Sono stati liberati i due cooperanti italiani, Iolanda Occhipinti e Giuliano Paganini, rapiti il 21 maggio scorso in Somalia insieme ad altri operatori di Organizzazioni non governative. La notizia è stata confermata dal figlio della Occhipinti, Gianni Tumino. Secondo l’inviato del Corriere della Sera Massimo Alberizzi, sarebbe stato pagato un riscatto di 700 mila dollari. Particolare che né la Farnesina né le famiglie dei due ostaggi hanno confermato.
“Ho sentito mia madre al telefono nel primo pomeriggio, mi ha chiamato lei al cellulare. Mi ha detto che sta bene”. Così Tumino, figlio della cooperatrice di Ragusa rilasciata dai suoi rapitori dopo 75 giorni. “La telefonata era molto disturbata”, ha aggiunto. “Abbiamo parlato soltanto per qualche minuto. Non mi ha detto nulla di Giuliano Paganini, ma ripeto, la linea era molto disturbata”.
I due italiani lavoravano ad Aw Deghle nei pressi di Afgoi, nel Basso Shebele, una cinquantina di chilometri da Mogadiscio, per l’Organizzazione non governativa Cins. Erano stati rapiti all’alba del 21 maggio scorso da un gruppo di uomini armati (almeno una ventina).
Il commando era arrivato a bordo di due auto e aveva assalito la loro casa, nell’albergo in costruzione “Dusa Mareb”, nella “frazione” Malable.

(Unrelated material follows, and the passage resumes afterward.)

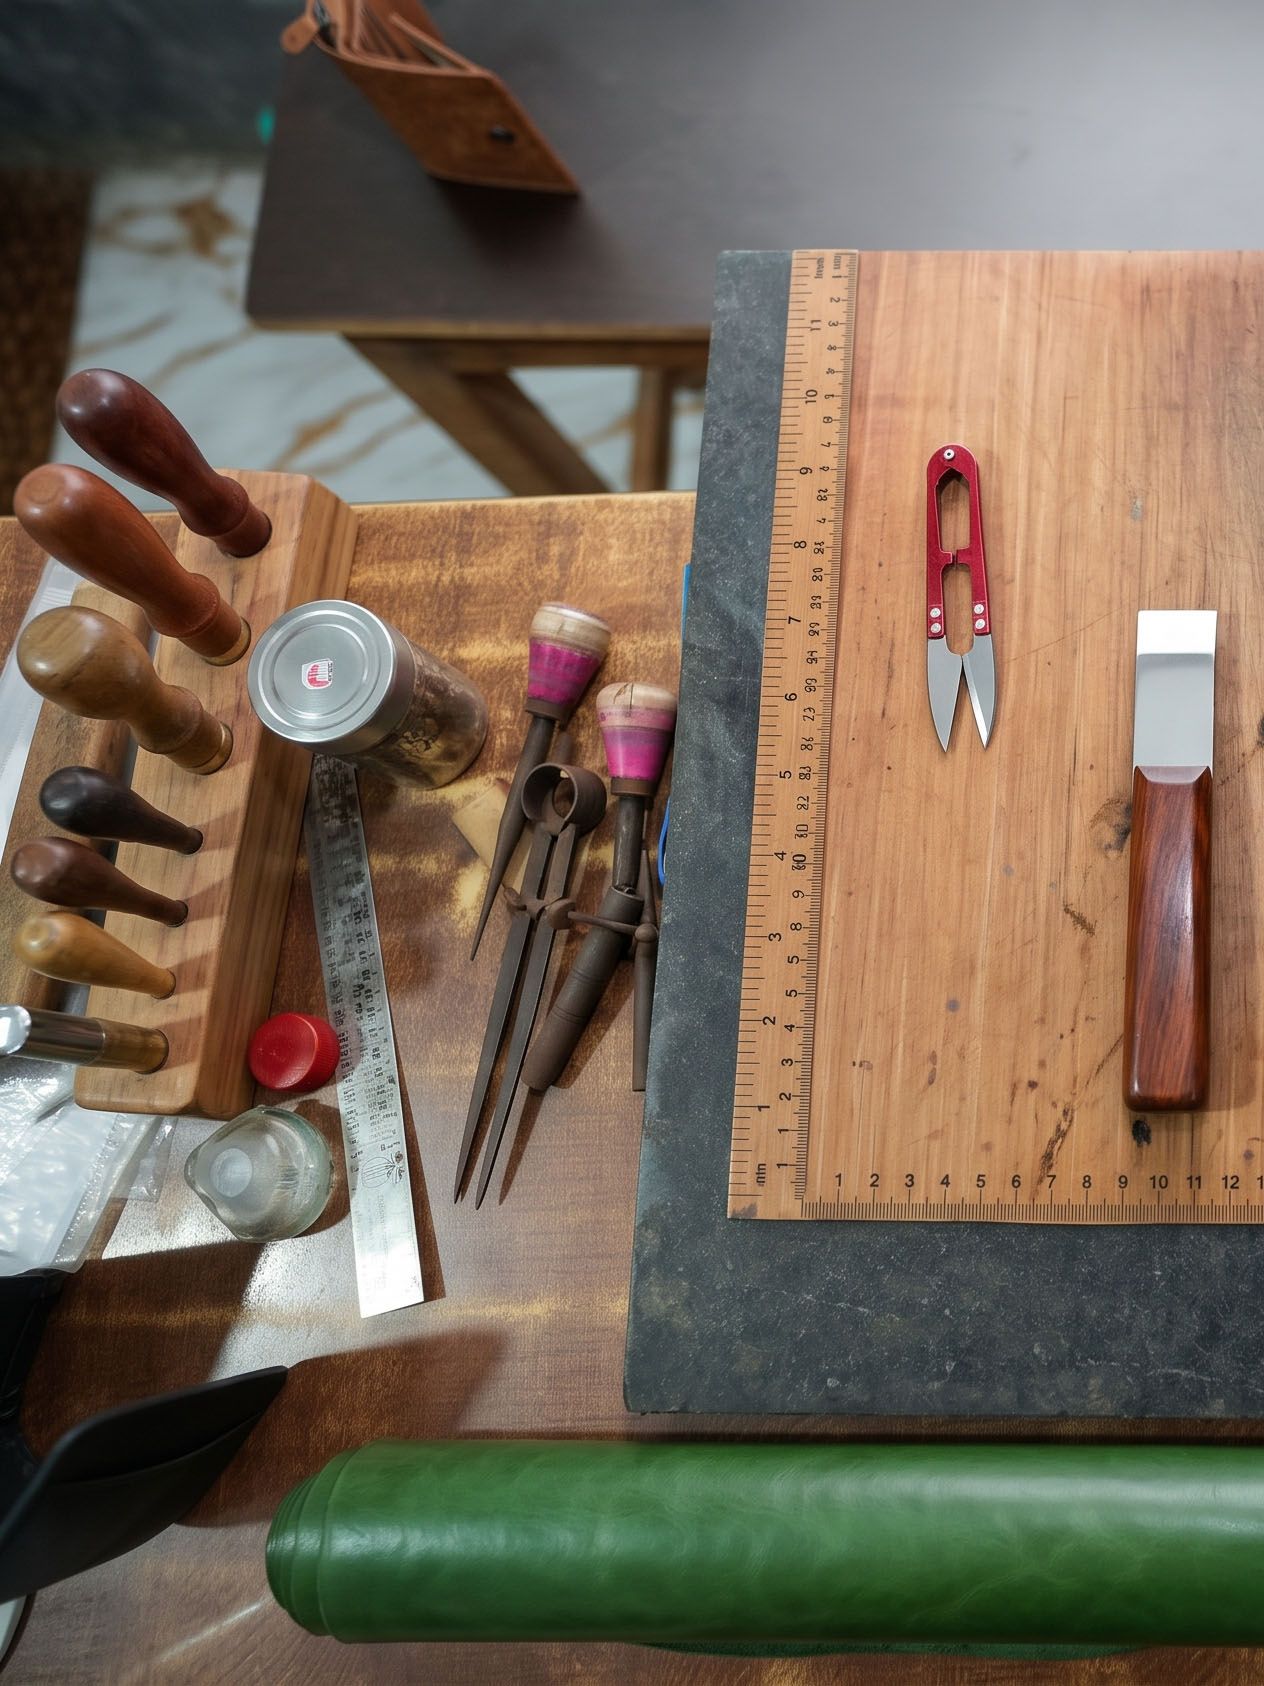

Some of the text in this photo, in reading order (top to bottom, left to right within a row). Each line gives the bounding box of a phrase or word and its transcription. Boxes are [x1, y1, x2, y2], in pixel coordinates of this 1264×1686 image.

C’è stata una sparatoria e una delle guardie era stata uccisa. Una volta entrati nei locali il gruppo di assalitori aveva bendato i due italiani e li aveva portati via. Con loro era stato rapito il direttore somalo del progetto agricolo e capo della sicurezza, Abduraham Yussuf Harale.
Durante il periodo del sequestro era intervenuto il ministro degli Esteri Franco Frattini, che aveva chiesto il massimo riserbo: “I contatti sono in corso”, aveva precisato il ministro. “Chiediamo, però, il silenzio stampa”.
Con il collega somalo Abderahman Yusuf, Iolanda Occhipinti e Giuliano Paganini lavorano per la storica Ong italiana Cins (Cooperazione italiana nord sud, fondata 20 anni fa) e curavano un progetto per la razionalizzazione ed il rilancio agricolo del Basso Shabele, l’area appunto dove sono stati prelevati. Un progetto finanziato dalla Cooperazione italiana e dall’Ue, ma gestito dalla Fao, che aveva scelto la Cins per l’intervento, cominciato lo scorso marzo. Paganini era impegnato nel ruolo di agronomo, la signora Occhipinti di amministratrice e il somalo di capo progetto sul posto.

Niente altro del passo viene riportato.